Do Clouds Affect Solar Panels?
Cloudy Weather. Harsh Winters. Rain. If this sounds like an area you live in and want to install solar panels, you may be asking yourself, “should I already bother”. The general perception is the weather has a direct correlation to the output of your system. Or in other words, cities such as Columbus, Pittsburgh or New York won’t assistance from solar strength like Miami, Las Vegas or Los Angeles. The general perception is wrong.
There are many advancements in solar technology and other factors that allow solar to work just in addition for areas that have poor weather as areas that bask in the sun. Let us take you by some of those facts.
Cloudy areas are a good match for Solar
The solar superpower of the world, Germany, is one of the cloudiest countries in Europe Last May, it covered more than 95% of its strength needs via solar energy. It is interesting to observe that Germany only gets about as much sunlight as the state of Alaska, but it nevertheless manages to produce around 25 Gigawatts of strength by solar. Amazing, right? That’s because cloudy days don’t matter as much as the total amount of sunlight you receive per year. Cities such as Cleveland, Portland, and Boston have cloudy weather but are great matches for solar!

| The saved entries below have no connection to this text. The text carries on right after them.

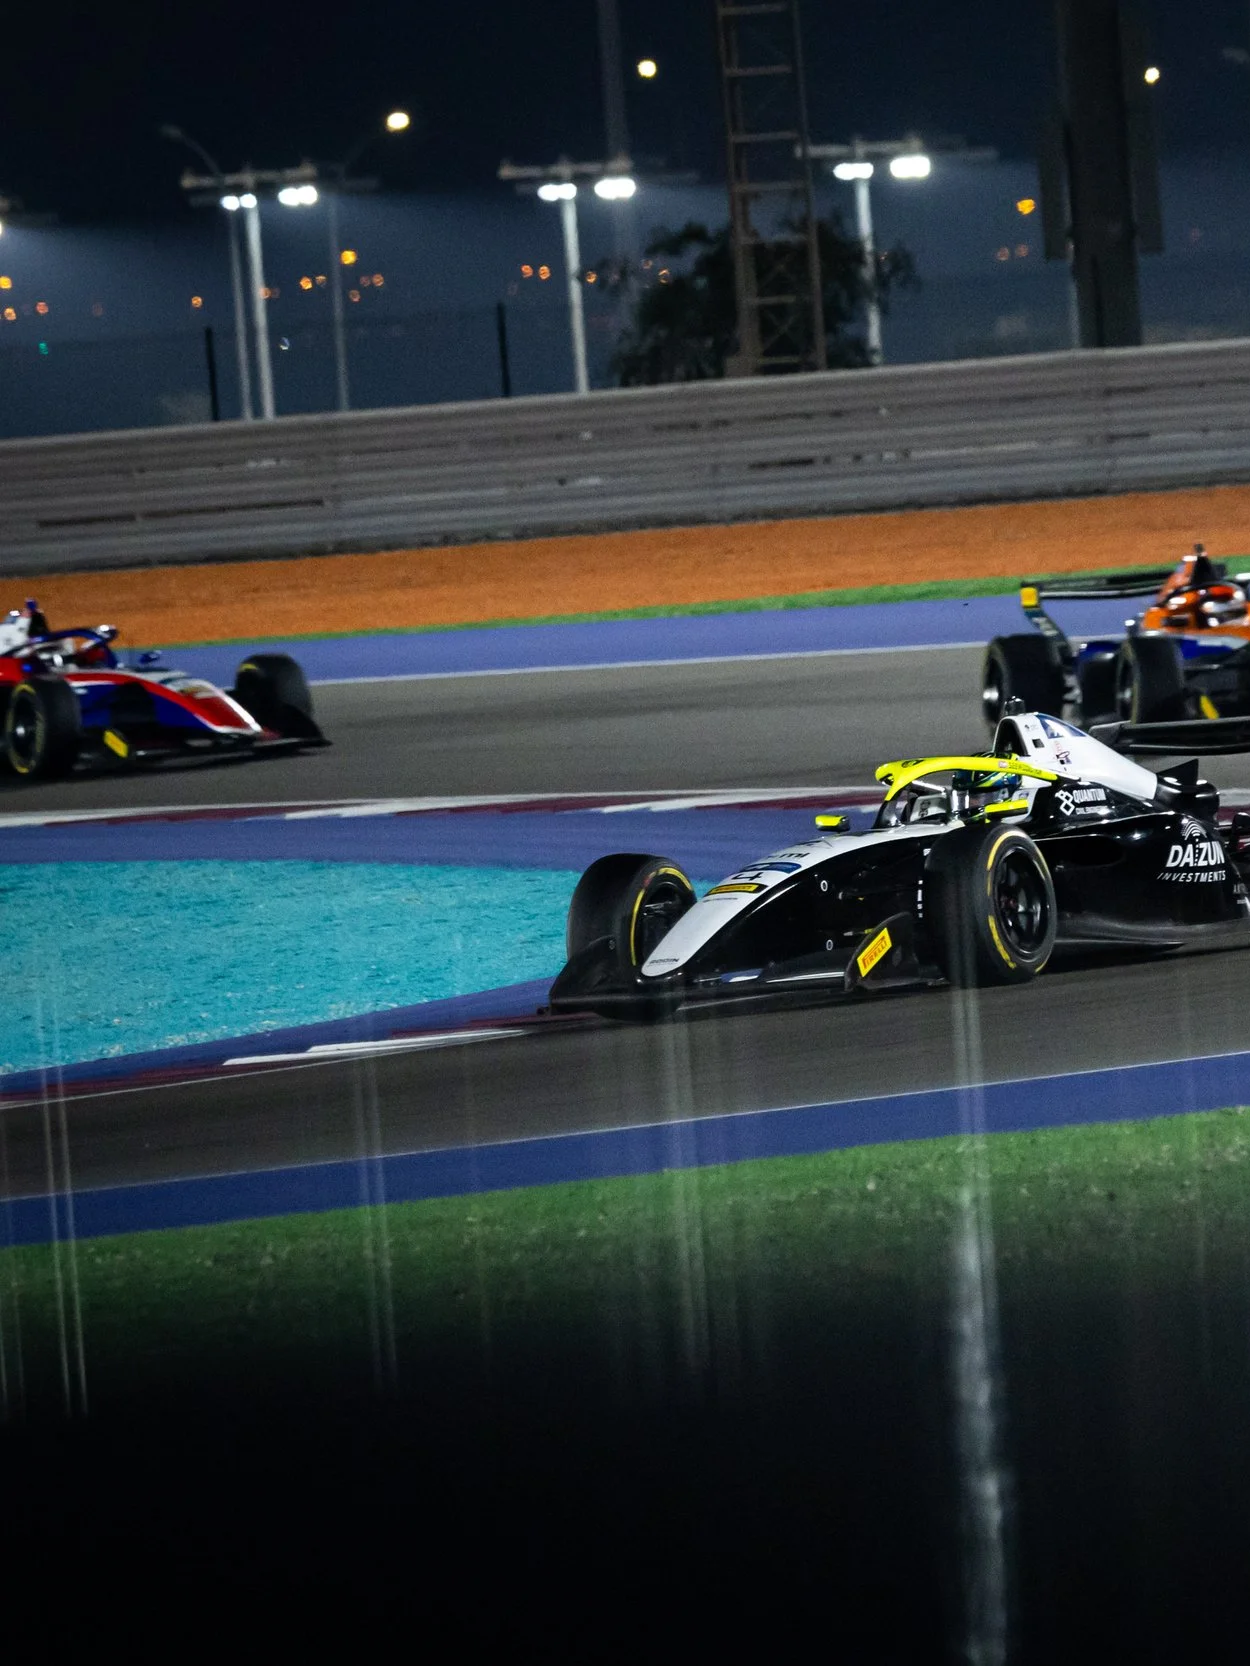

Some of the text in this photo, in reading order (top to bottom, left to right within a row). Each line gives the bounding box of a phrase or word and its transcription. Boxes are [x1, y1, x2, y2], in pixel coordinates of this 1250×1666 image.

[1072, 788, 1107, 804] QUANTUM
[1157, 870, 1226, 883] INVESTMENTS
[861, 935, 888, 970] PIRELLI
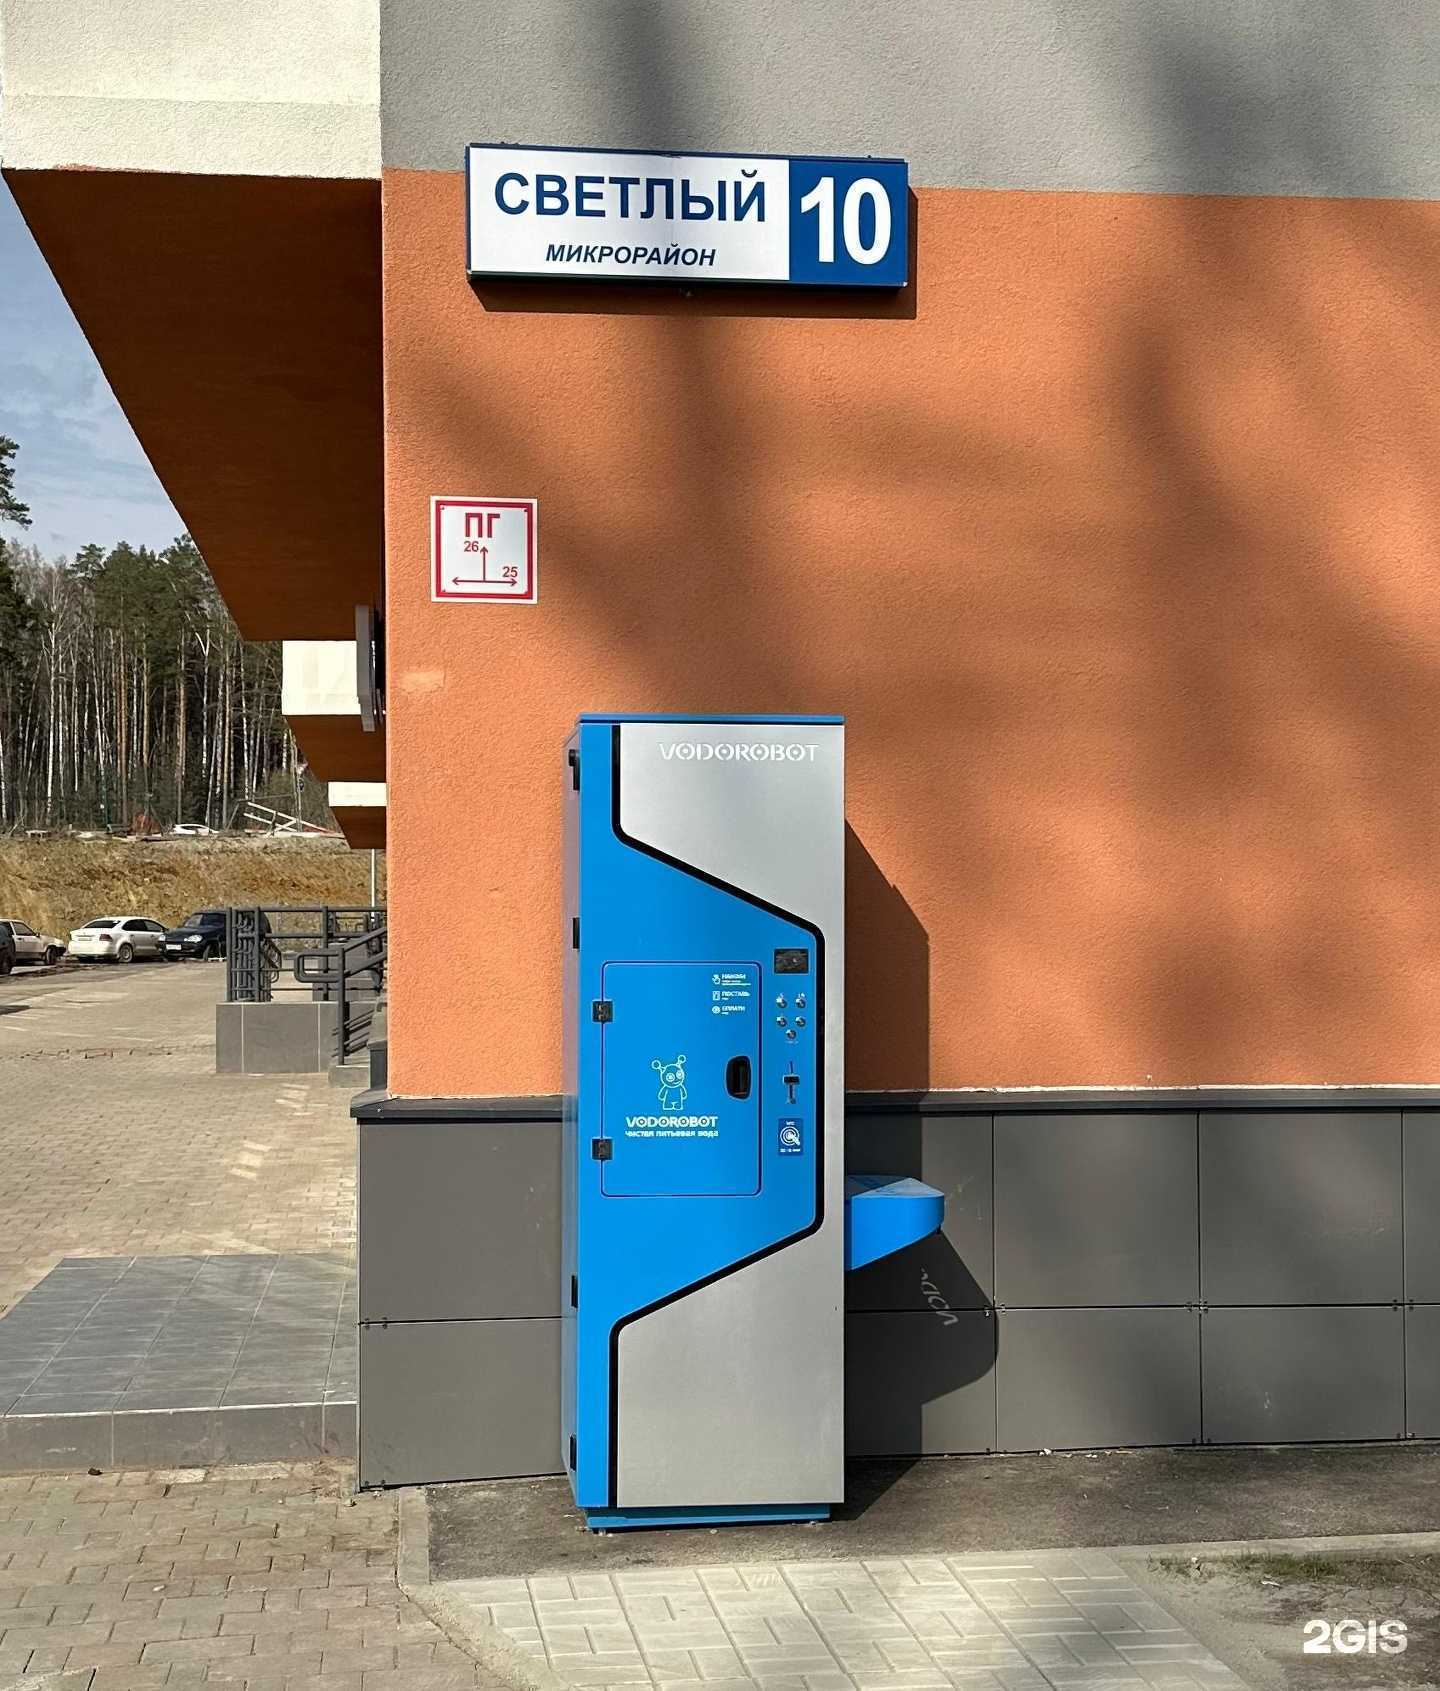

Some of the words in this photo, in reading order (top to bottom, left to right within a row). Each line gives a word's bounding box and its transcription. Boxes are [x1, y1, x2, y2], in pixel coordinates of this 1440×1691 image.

[494, 169, 766, 223] СВЕТЛЫЙ
[799, 176, 892, 265] 10
[545, 243, 716, 267] МИКРОРАЙОН
[465, 512, 500, 538] ПГ
[463, 541, 479, 552] 26
[502, 566, 518, 577] 25
[658, 743, 819, 762] VODOROBOT
[625, 1116, 718, 1128] VODOROBOT
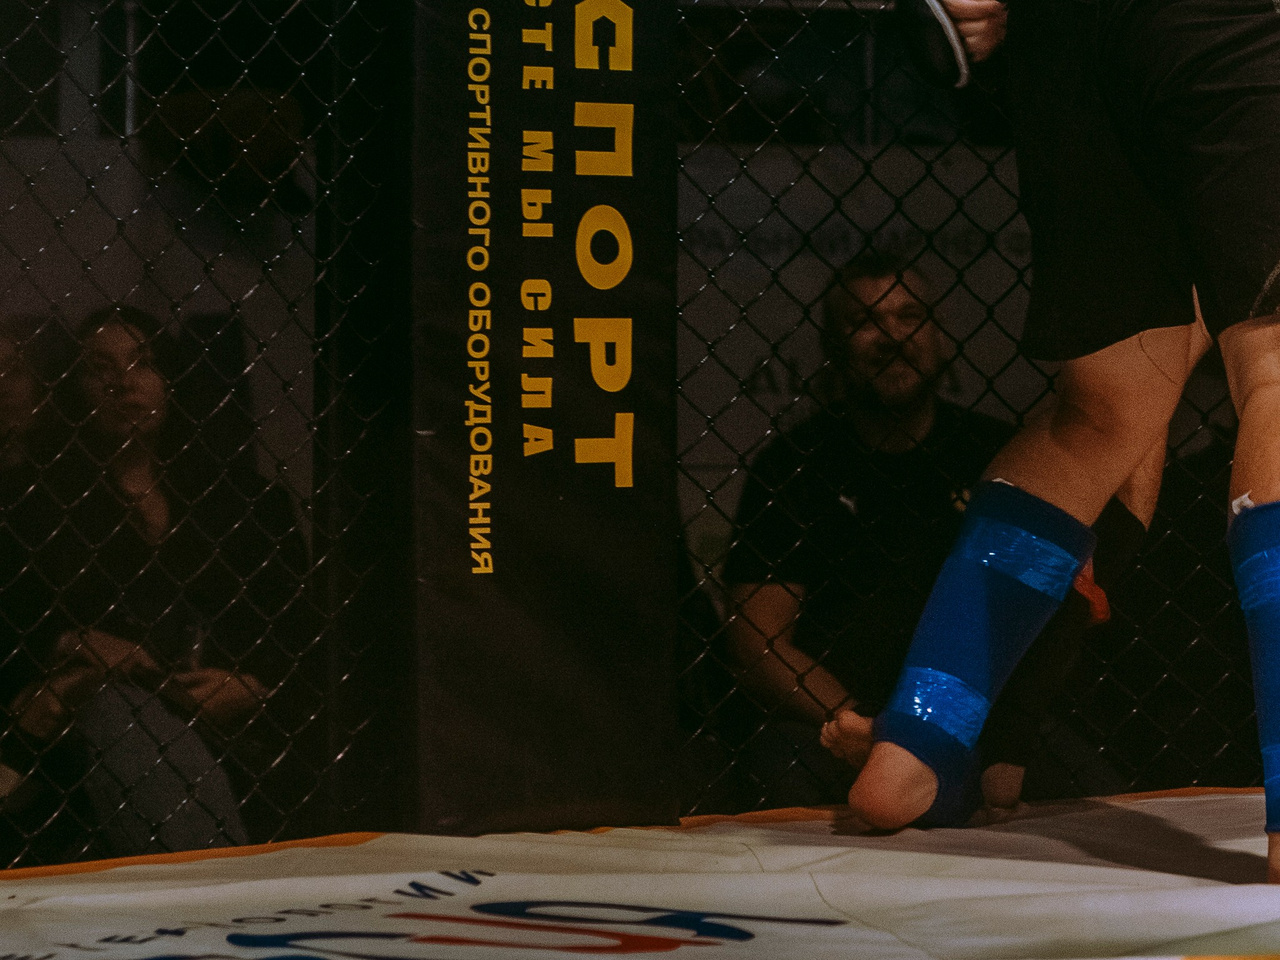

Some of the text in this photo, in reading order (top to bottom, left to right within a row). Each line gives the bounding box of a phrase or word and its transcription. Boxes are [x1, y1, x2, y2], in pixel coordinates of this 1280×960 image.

[466, 7, 492, 272] СПОРТИВНОГО
[520, 130, 554, 237] МЫ
[464, 281, 494, 575] ОБОРУДОВАНИЯ
[520, 278, 554, 457] СИЛА

Winter and the performance of your solar panels
It is important to remember that solar energy depends on light, not heat. It doesn’t matter how cold the weather is, as long as you receive sunlight your solar panels will be up and running in good shape. The meaningful is to make sure your panels receive as much sunlight as possible and to limit/remove shading.
Effect on energy output
How much energy will your solar panels produce during cloudy weather? Your solar panels will give only 25%-45% of the energy they produce during a sunny day. However, Solar panel producers such as SunPower and LG produce panels that keep up efficiency and high production already during low light conditions.
So, what’s the final verdict? Does solar work in cloudy weather? Yes, it does- already in cities such as Ohio (a small 4kW solar energy system can cover the majority of the electricity bills). Clouds and harsh weather are no reason to not go solar. But, it is important to keep in mind that your roof is solar ready and receives no shading!
Visit NREL’s online PVWatts Calculator to see how much solar your roof can produce, despite any cloudy skies ahead.